Un caso che per la sua complessità e per le decisioni del Tribunale e della Corte d’Appello di Milano è destinato a fare giurisprudenza, ovvero a rappresentare un precedente e un deterrente per scongiurare situazioni analoghe. Ma i raggiri di anziani da parte di chi se ne prende cura sono talmente frequenti che quasi non fanno più notizia. Gli strumenti giuridici per difendersi esistono, ma impugnare un testamento perché è stato redatto in stato di incapacità, significa dimostrare tale condizione a posteriori, ovvero dopo la morte dell’assistito; il percorso è accidentato, lungo e costoso. Come sottolinea Gallizia di Vergano «chi agisce deve dare la prova che a cagione di un’infermità transitoria o permanente, o di altra causa perturbatrice, il soggetto fosse privo in modo assoluto, al momento della redazione dell’atto di ultima volontà, della coscienza dei propri atti, ovvero della capacità di autodeterminarsi». Ma veniamo al fatto concreto. Siamo a Milano. Con uno scritto di un paio di righe, sgrammaticate, datato 17 marzo 2017, una signora di 88 anni lascia tutti i suoi beni al figlio della badante che l’aveva assistita per qualche mese: «e ai fini dei miei giorni lascio tutto a lui ….. per averti preso cura di me e delle mie cose». Il giovane, subito dopo la morte della donna, il 7 aprile 2018 si presenta da un notaio, reclamando la cospicua eredità, costituita da denaro, titoli e appartamenti, di cui uno prestigioso in Milano, via della Moscova. Ben due precedenti testamenti destinavano invece quell’immobile alla Casa della Carità, un ente benefico al quale la defunta aveva fatto, in vita, numerose donazioni, in ricordo della propria figlia, morta in giovane età. L’erede legittima, tramite i suoi legali, impugna il testamento nel 2018 seguita dalla Casa della Carità, con gli avvocati Niccolò Nisivoccia, Veronica Cascavilla e Andrea Colnaghi.

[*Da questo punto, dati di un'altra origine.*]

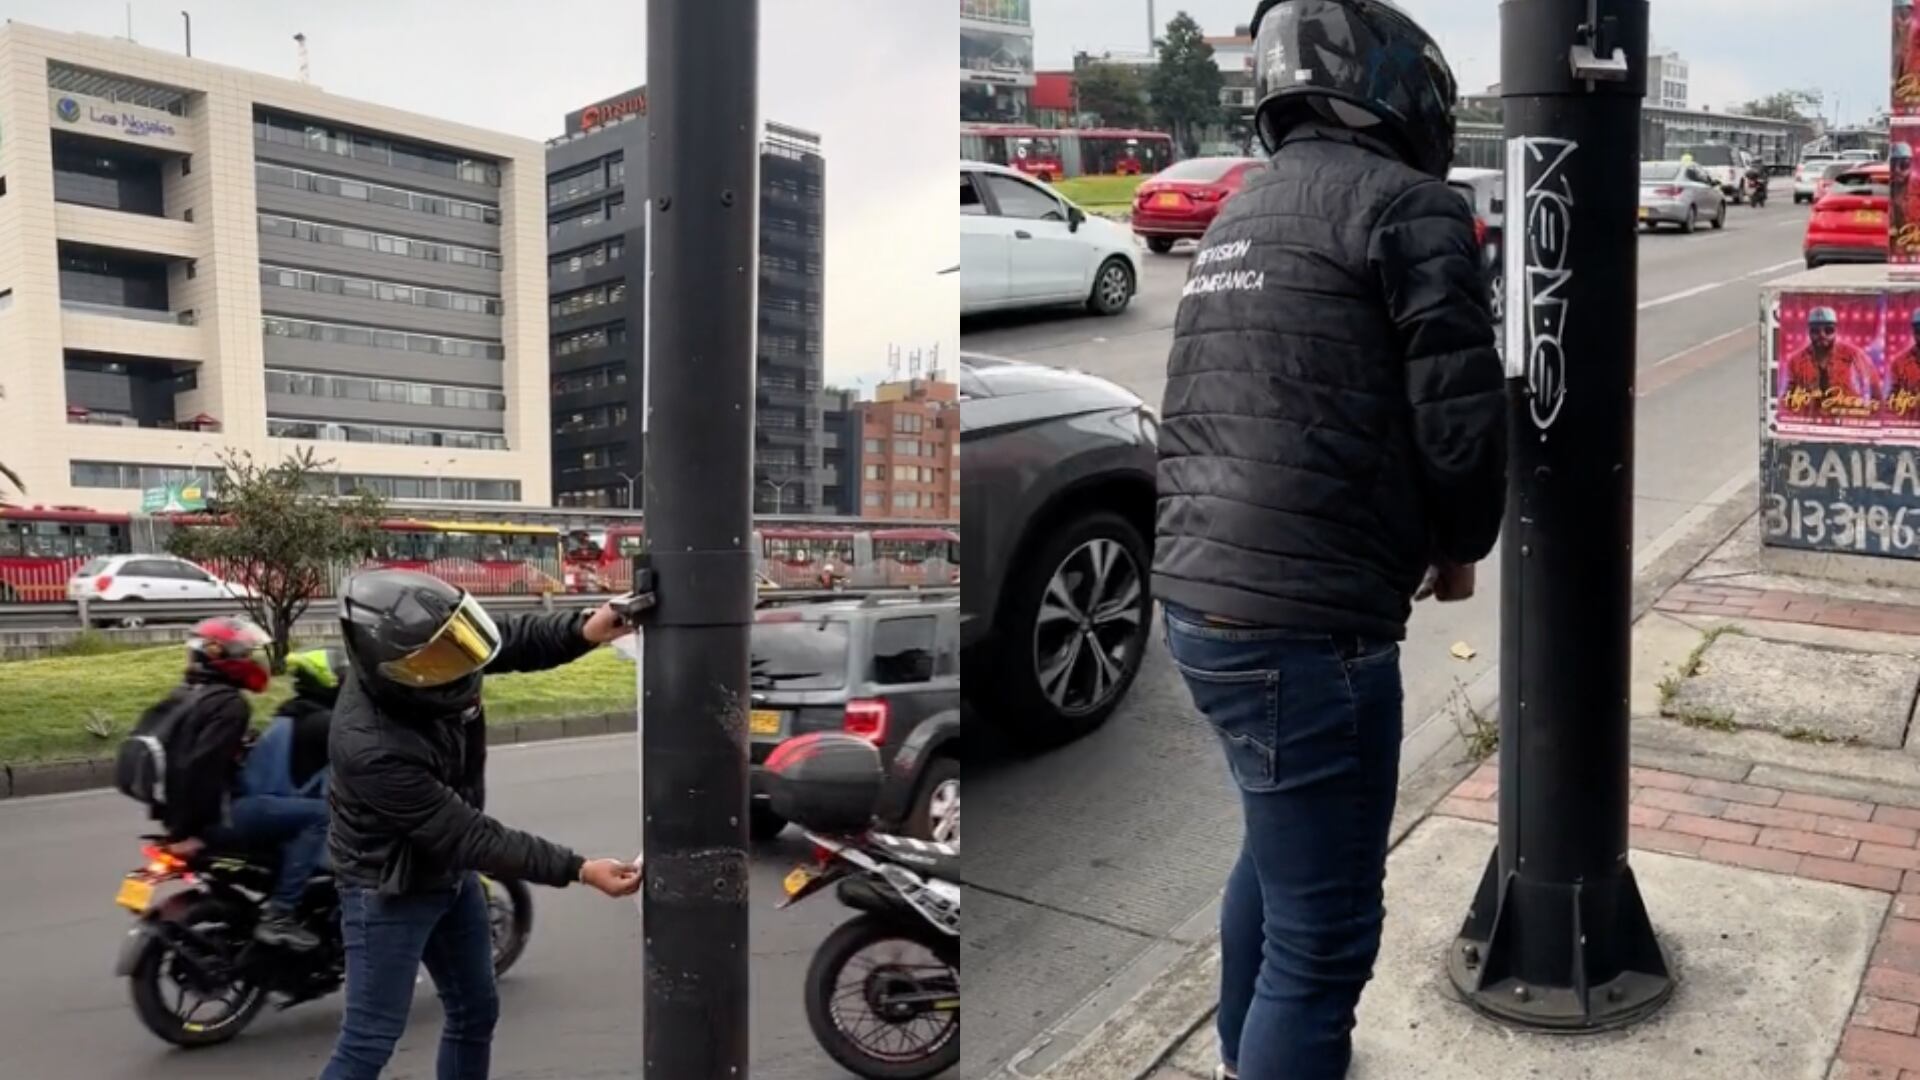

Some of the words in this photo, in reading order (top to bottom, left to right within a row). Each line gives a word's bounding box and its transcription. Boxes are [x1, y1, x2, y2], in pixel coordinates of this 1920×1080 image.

[89, 106, 118, 126] Los
[122, 112, 176, 137] Nogales
[1786, 448, 1920, 496] BAILA

Il Tribunale di Milano con sentenza del 26 luglio 2022 accoglie l’impugnazione annullando le disposizioni per essere state redatte in stato di incapacità naturale. Il figlio della badante fa ricorso in Appello, ma la Corte conferma quanto deciso in primo grado del Tribunale, stabilendo che l’eredità andrà alla nipote e l’appartamento all’associazione caritatevole. Si tratta di una pronuncia importante, nell’ambito del diritto successorio. «I giudici di primo grado e i componenti del collegio della Corte d’Appello di Milano hanno deciso sulla base di un’approfondita valutazione del contenuto del testamento impugnato, ritenuto sgrammaticato, illogico, privo di punteggiatura e in totale contrasto con le precedenti disposizioni testamentarie che risultavano in italiano fluente, ben articolate e strutturate» spiega l’avvocato Gallizia di Vergano. «La Corte d’Appello ha sottolineato che la defunta era una persona colta e non avrebbe potuto redigere consapevolmente un testamento pieno di errori e soprattutto mai avrebbe modificato la propria volontà di beneficiare la Casa della Carità in ricordo della propria figlia». Il legale sottolinea che «la maggior parte delle impugnazioni riguardano i testamenti olografi cioè quelli scritti di proprio pugno, datati e sottoscritti, che non soggiacciono al vaglio di un professionista, tenuto a valutare le condizioni di chi intende disporre delle proprie ultime volontà. In ipotesi di testamento olografo queste vicende si verificano con maggiore frequenza e come detto le difficoltà nell’impugnazione consistono nel dover dimostrare la circonvenzione, il dolo, la captazione, la violenza, l’errore. A volte la prova risulta quasi diabolica». Ma per aggiudicarsi un testamento spesso si usa anche il gioco della seduzione. Uomini avanti con gli anni vengono facilmente circuiti da donne con pochi scrupoli che li assistono. Un caso recente è quello che ha visto impegnati i finanzieri del comando provinciale di Palermo. Una badante si sarebbe impossessata dei beni milionari di un ricco imprenditore italo-americano, dopo averlo plagiato, cercando poi di trasferirli all’estero.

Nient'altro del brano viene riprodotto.